* [INPUT]
= = = = = = =

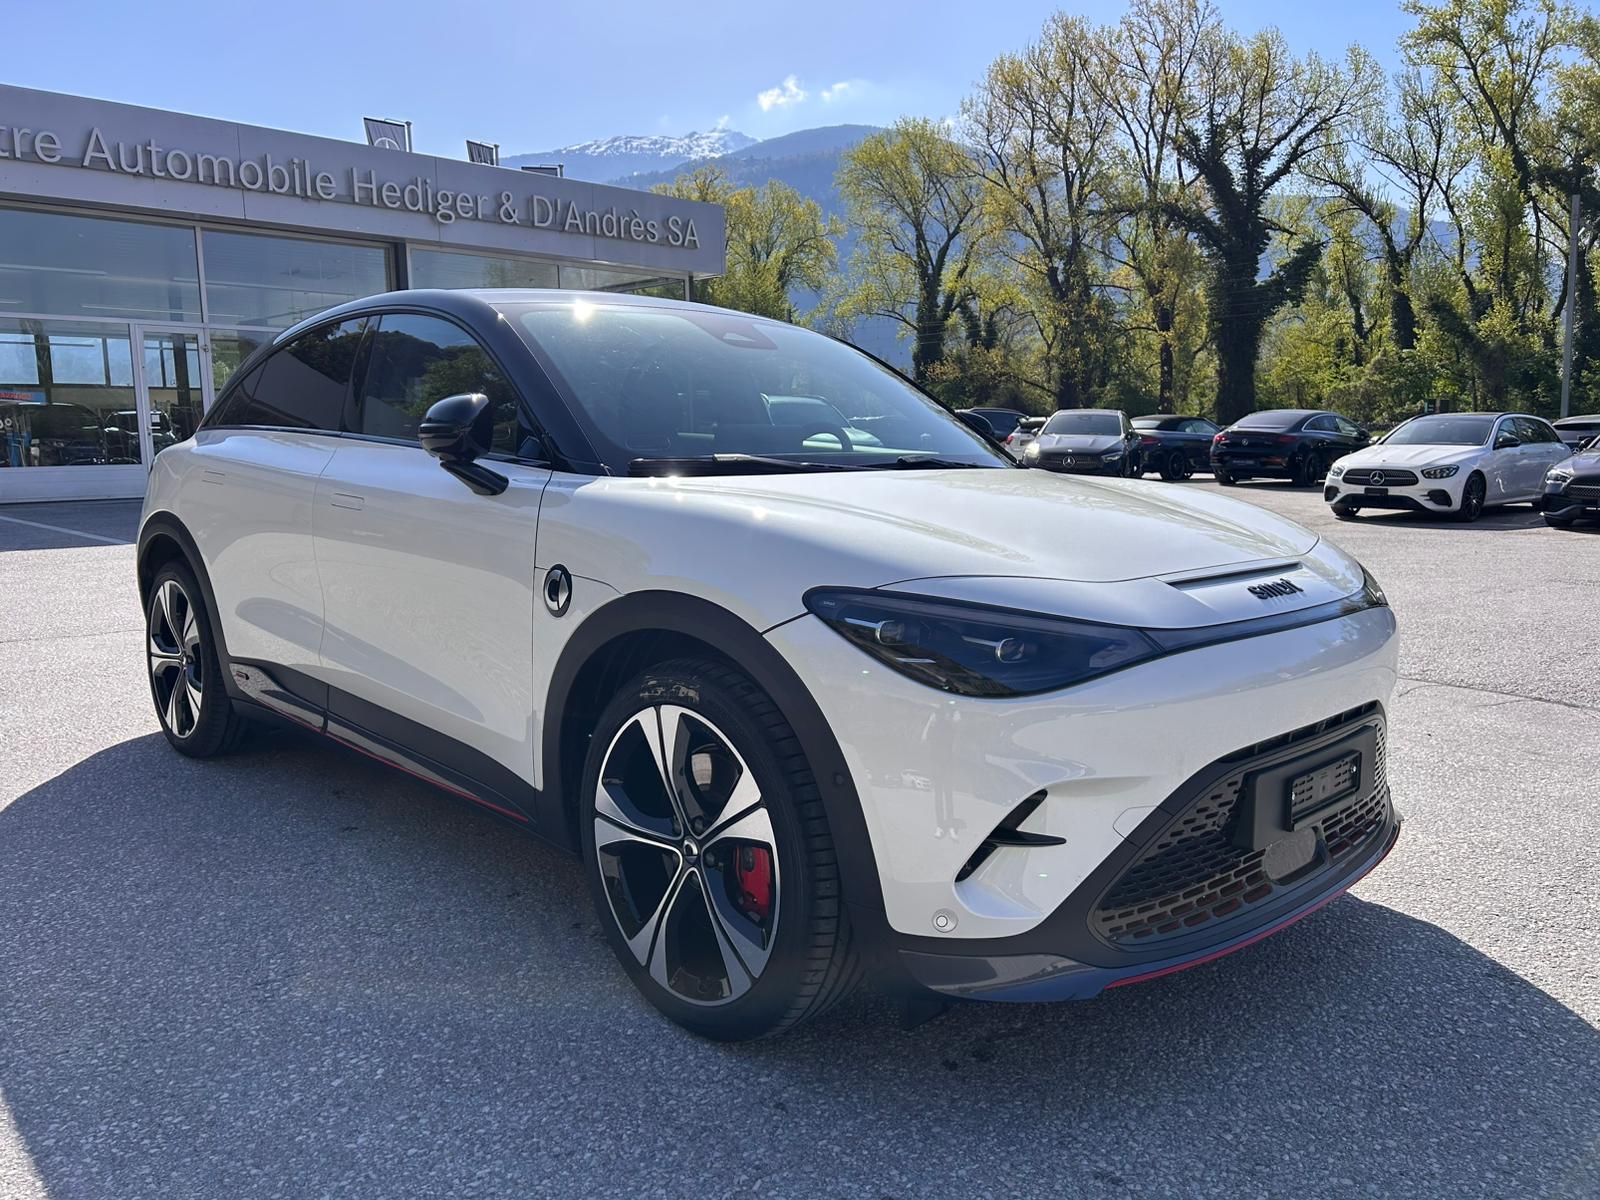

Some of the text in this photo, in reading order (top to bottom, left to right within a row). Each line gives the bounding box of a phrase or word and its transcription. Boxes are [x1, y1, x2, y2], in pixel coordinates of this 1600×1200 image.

[82, 127, 337, 199] Automobile
[351, 167, 488, 224] Hediger
[499, 191, 520, 225] &
[532, 195, 658, 243] D'Andrès
[667, 215, 700, 249] SA

= = = = = = =

* [YOUR GOAL] Transcribe the records above exactly as they appear, leaving out any pictures.

* [TASK RESULT]
Some of the text in this photo, in reading order (top to bottom, left to right within a row). Each line gives the bounding box of a phrase or word and its transcription. Boxes are [x1, y1, x2, y2], in pixel coordinates of this 1600×1200 image.

[82, 127, 337, 199] Automobile
[351, 167, 488, 224] Hediger
[499, 191, 520, 225] &
[532, 195, 658, 243] D'Andrès
[667, 215, 700, 249] SA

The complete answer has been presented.